[Saved data entries]
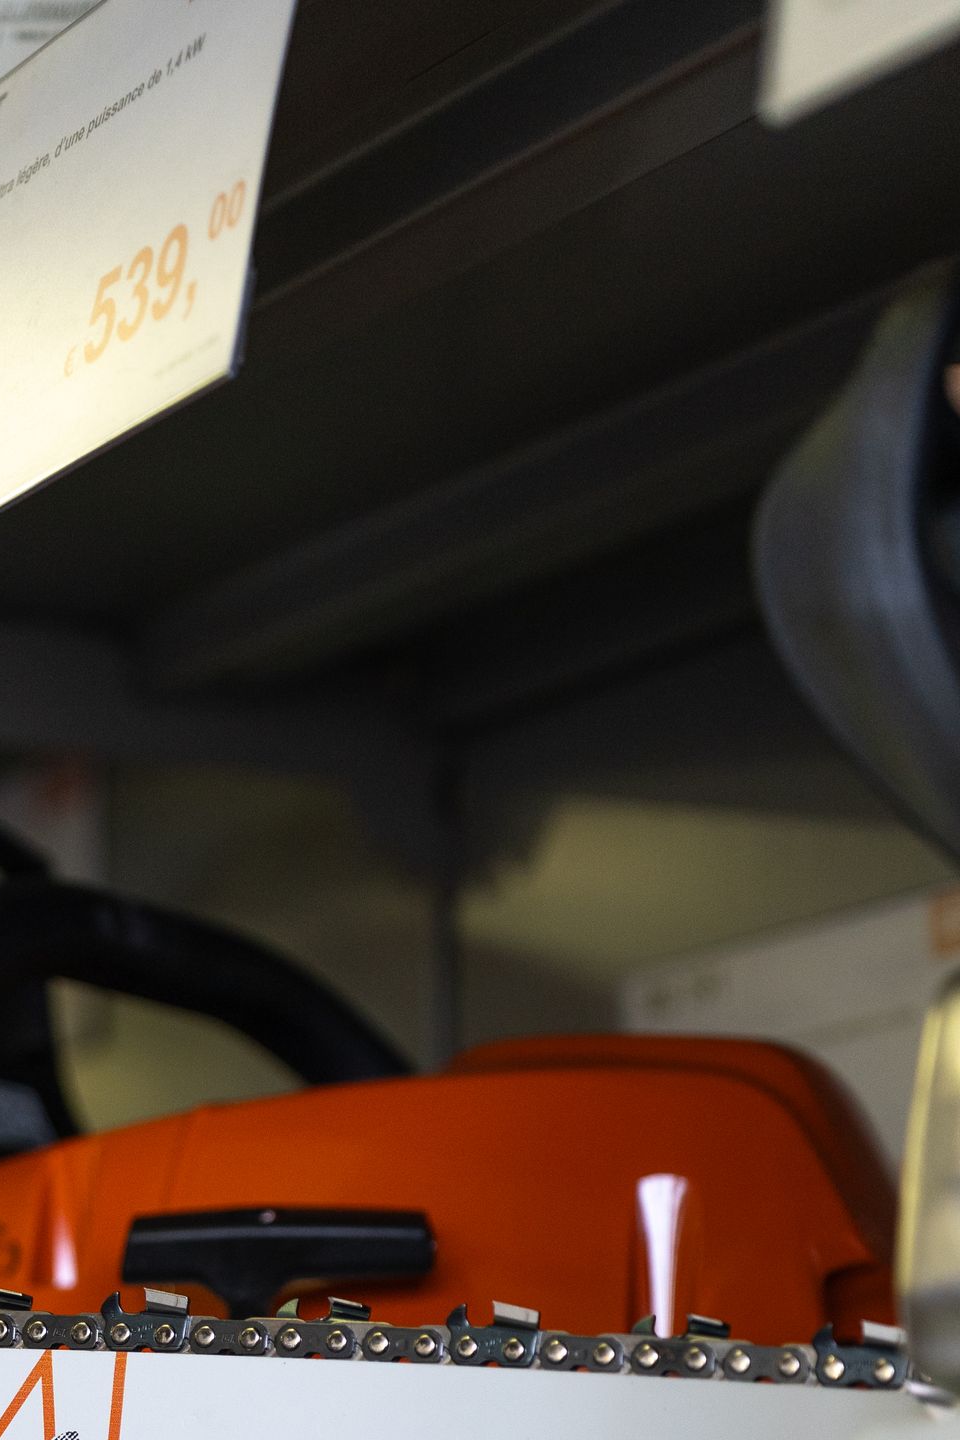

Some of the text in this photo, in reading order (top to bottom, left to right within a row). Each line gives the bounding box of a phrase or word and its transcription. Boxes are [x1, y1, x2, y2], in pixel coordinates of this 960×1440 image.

[54, 126, 86, 159] d'une
[86, 82, 146, 140] puissance
[147, 68, 163, 90] de
[166, 49, 184, 77] 1,4
[185, 32, 207, 62] kW
[207, 177, 247, 241] 00

--- THE TASK ---
The response must consist of the entries above exactly as they stand, minus any pictures.

--- ANSWER TO THIS PROBLEM ---
Some of the text in this photo, in reading order (top to bottom, left to right within a row). Each line gives the bounding box of a phrase or word and its transcription. Boxes are [x1, y1, x2, y2], in pixel coordinates of this 960×1440 image.

[54, 126, 86, 159] d'une
[86, 82, 146, 140] puissance
[147, 68, 163, 90] de
[166, 49, 184, 77] 1,4
[185, 32, 207, 62] kW
[207, 177, 247, 241] 00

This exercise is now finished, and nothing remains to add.